In the field of medicine, getting replacement blood into patients as soon as possible can make the difference between life or death.
Scientists are working to develop artificial blood cells that could bring life-saving transfusions to more trauma patients within the next 10 years.
The hope is that the artificial blood could be freeze dried and stored in powder form, ready for use by paramedics and combat medical on the battlefield
Even though it won’t replace human blood, it could buy patients vital time they need to get to hospital and receive a blood transfusion. These synthetic cells are just one-fiftieth the size of a human red blood cells.
Artificial blood is somewhat mind boggling. One of the reason is that most people think of blood as more than just connective tissue that carries oxygen and nutrients. Instead, blood represents life. It can seem almost impossible, that an artificial substance could replace something is so central to human life. To understand the process, it helps to know a little about how real blood works. Blood has two main components : plasma and formed elements.

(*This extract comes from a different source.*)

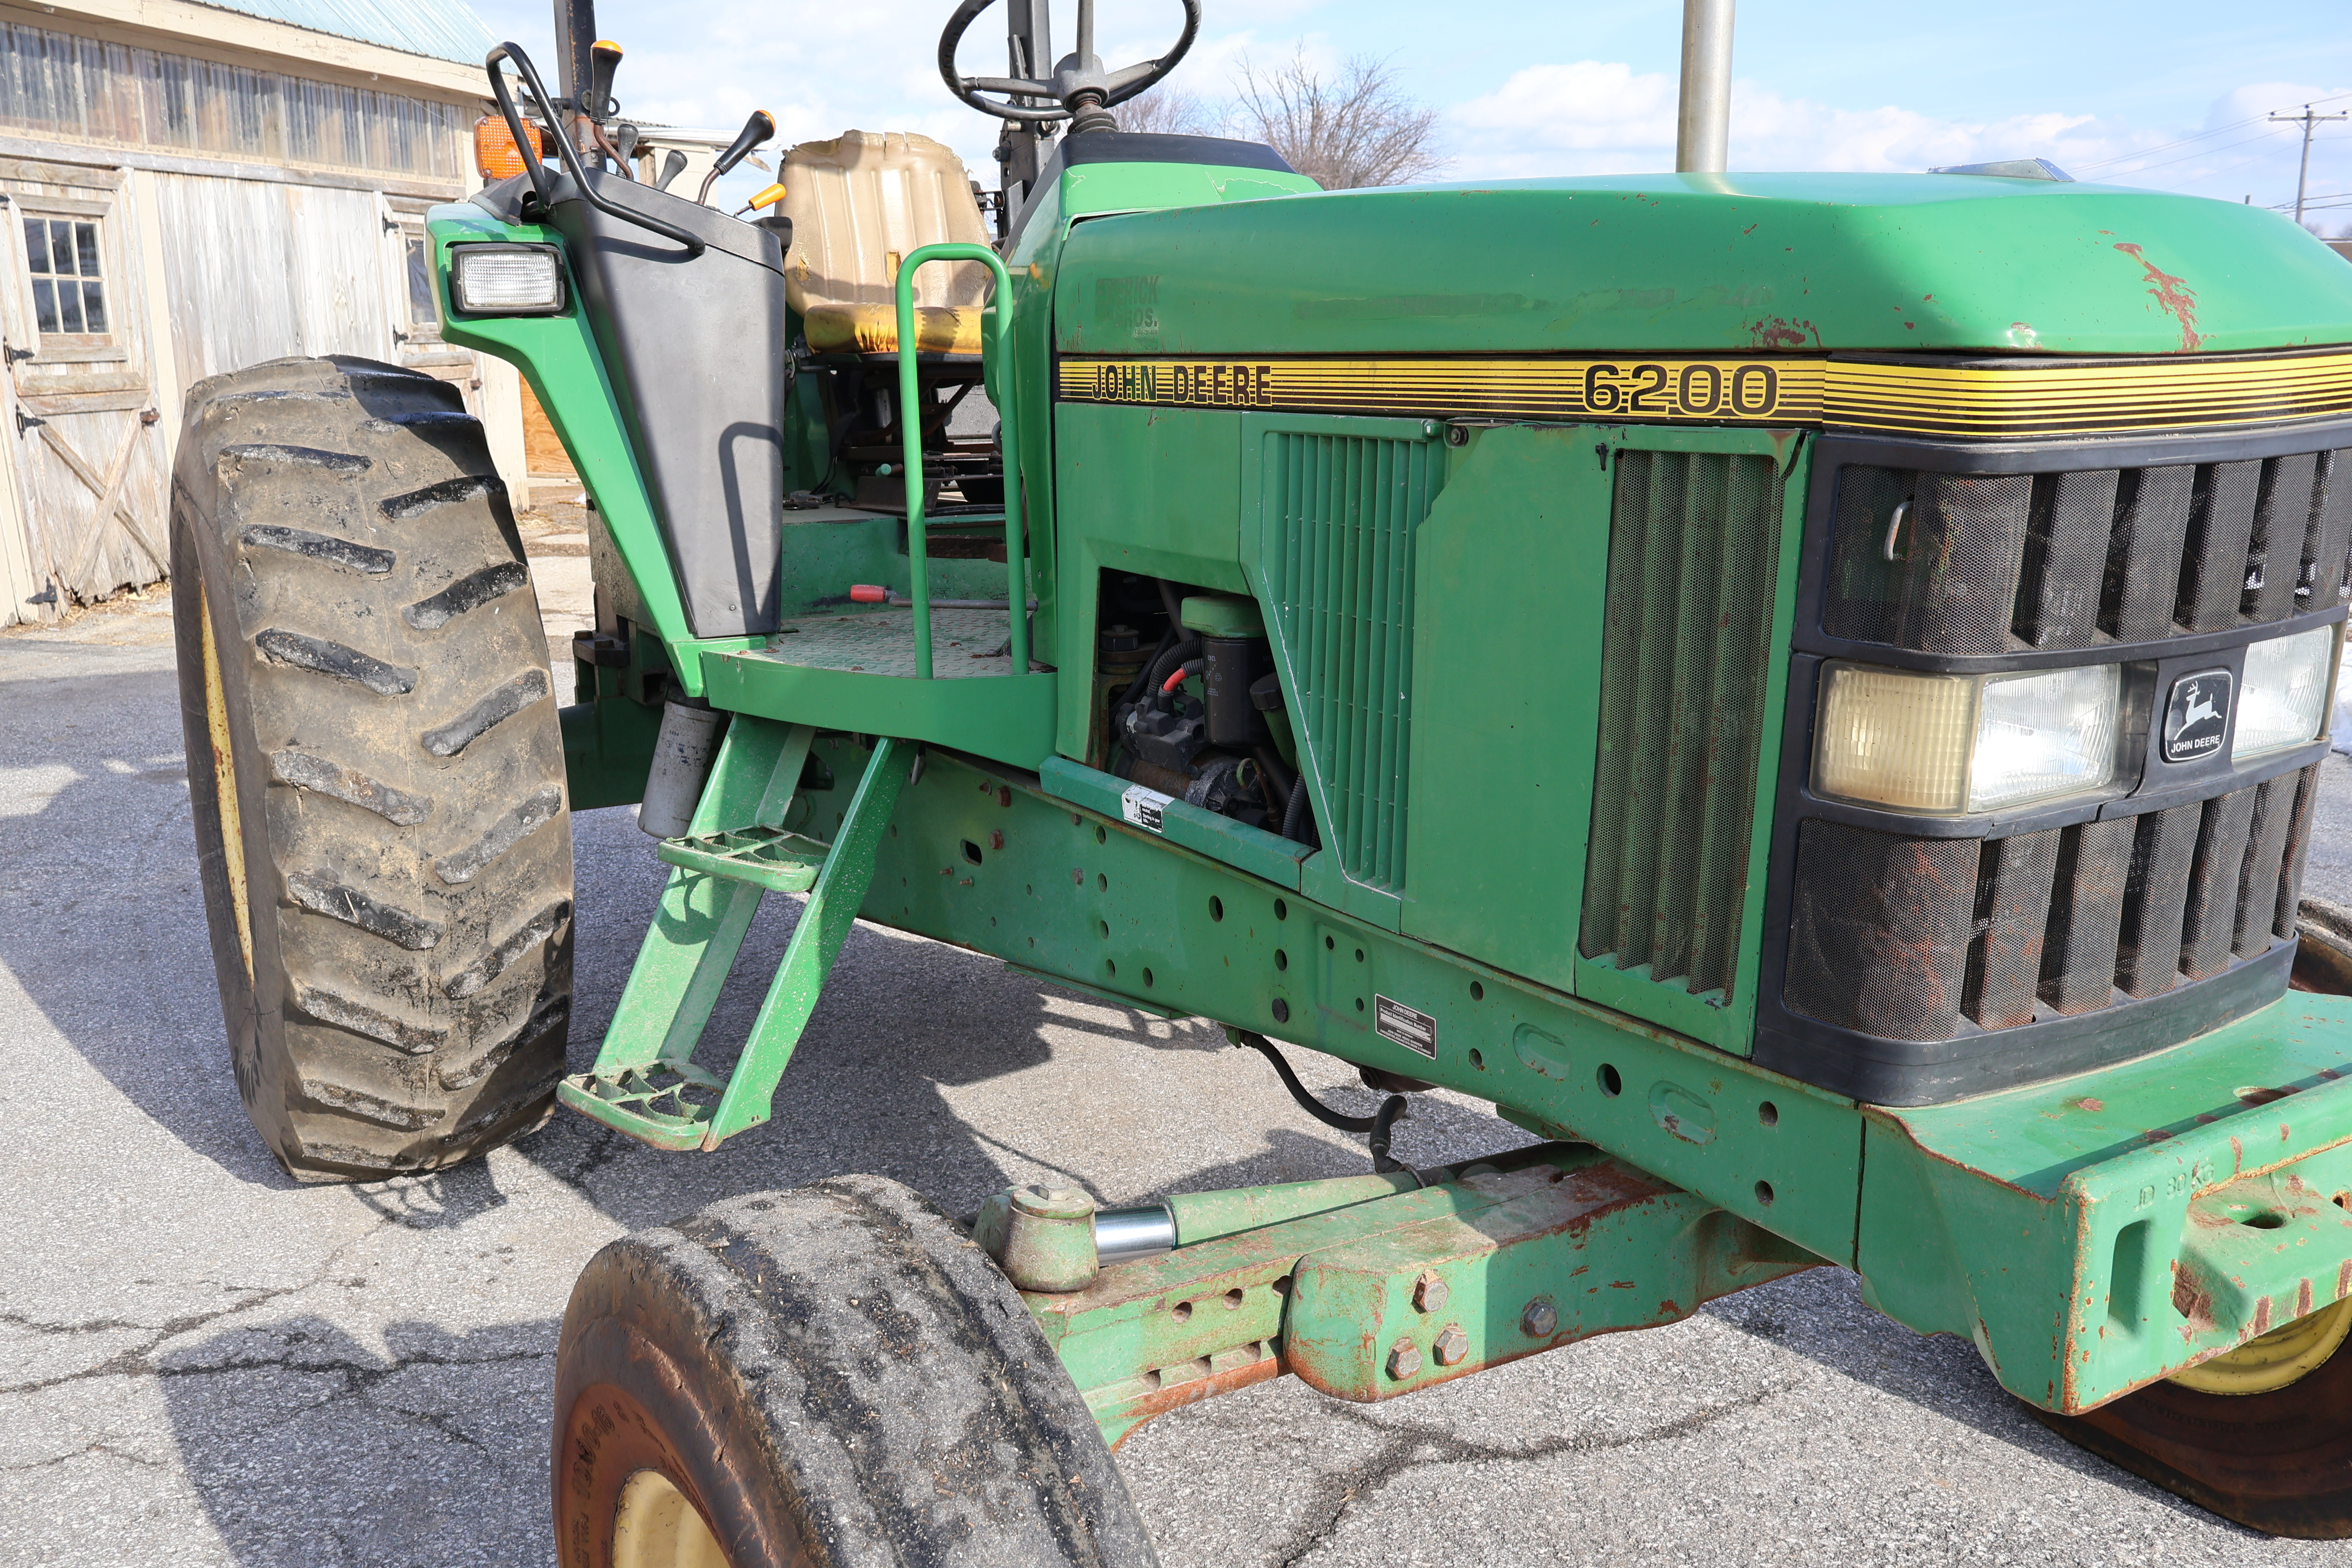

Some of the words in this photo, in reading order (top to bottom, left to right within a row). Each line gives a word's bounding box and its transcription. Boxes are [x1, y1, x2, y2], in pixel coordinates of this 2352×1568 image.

Nearly everything that blood carries, including nutrients, hormones and waste, is dissolved in the plasma, which is mostly water. Formed elements, which are cells and parts of cells, also float in the plasma. Formed elements include white blood cells (WBCs), which are part of the immune system, and platelets, which help form clots. Red blood cells (RBCs) are responsible for one of blood’s most important tasks helps in carrying oxygen and carbon dioxide.
If you lose a lot of blood, you lose a lot of your oxygen delivery system. The immune cells, nutrients and proteins that blood carries are important, too, but doctors are generally most concerned with whether your cells are getting enough oxygen.

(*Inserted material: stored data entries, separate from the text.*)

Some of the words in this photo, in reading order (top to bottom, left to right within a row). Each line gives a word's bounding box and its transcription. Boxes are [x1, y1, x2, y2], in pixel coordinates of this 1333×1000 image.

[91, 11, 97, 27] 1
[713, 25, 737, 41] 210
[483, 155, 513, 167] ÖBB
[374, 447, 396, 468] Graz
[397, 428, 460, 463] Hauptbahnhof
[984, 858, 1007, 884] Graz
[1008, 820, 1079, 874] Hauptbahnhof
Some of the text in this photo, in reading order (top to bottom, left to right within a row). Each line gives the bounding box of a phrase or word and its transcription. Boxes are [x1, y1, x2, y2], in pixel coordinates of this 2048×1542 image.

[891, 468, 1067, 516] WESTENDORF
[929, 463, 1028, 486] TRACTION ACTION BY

Artificial BLOOD stored as powder could be used in life-saving transfusions within the next 10 years.
At around 2 per cent the size of a human red blood cell, the synthetic blood cells can be stored at room temperature and mixed with water, ready for use.

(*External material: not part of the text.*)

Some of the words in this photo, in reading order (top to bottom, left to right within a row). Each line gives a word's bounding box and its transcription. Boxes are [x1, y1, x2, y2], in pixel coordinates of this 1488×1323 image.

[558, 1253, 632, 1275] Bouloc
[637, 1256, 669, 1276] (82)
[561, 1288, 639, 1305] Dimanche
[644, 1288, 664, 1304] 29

It can be stored in an IV plastic bag that a medic would carry, either in their ambulance or in a backpack, for a year or more. When they need to use it, they spike the bag with sterile water, mix it, and it’s ready to inject right then and there.
From a forensic point of view, it would be brilliant if it mimicked the complex internal structure of blood, behaving in the same manner as real blood so it could be used for training purposes in the forensic field.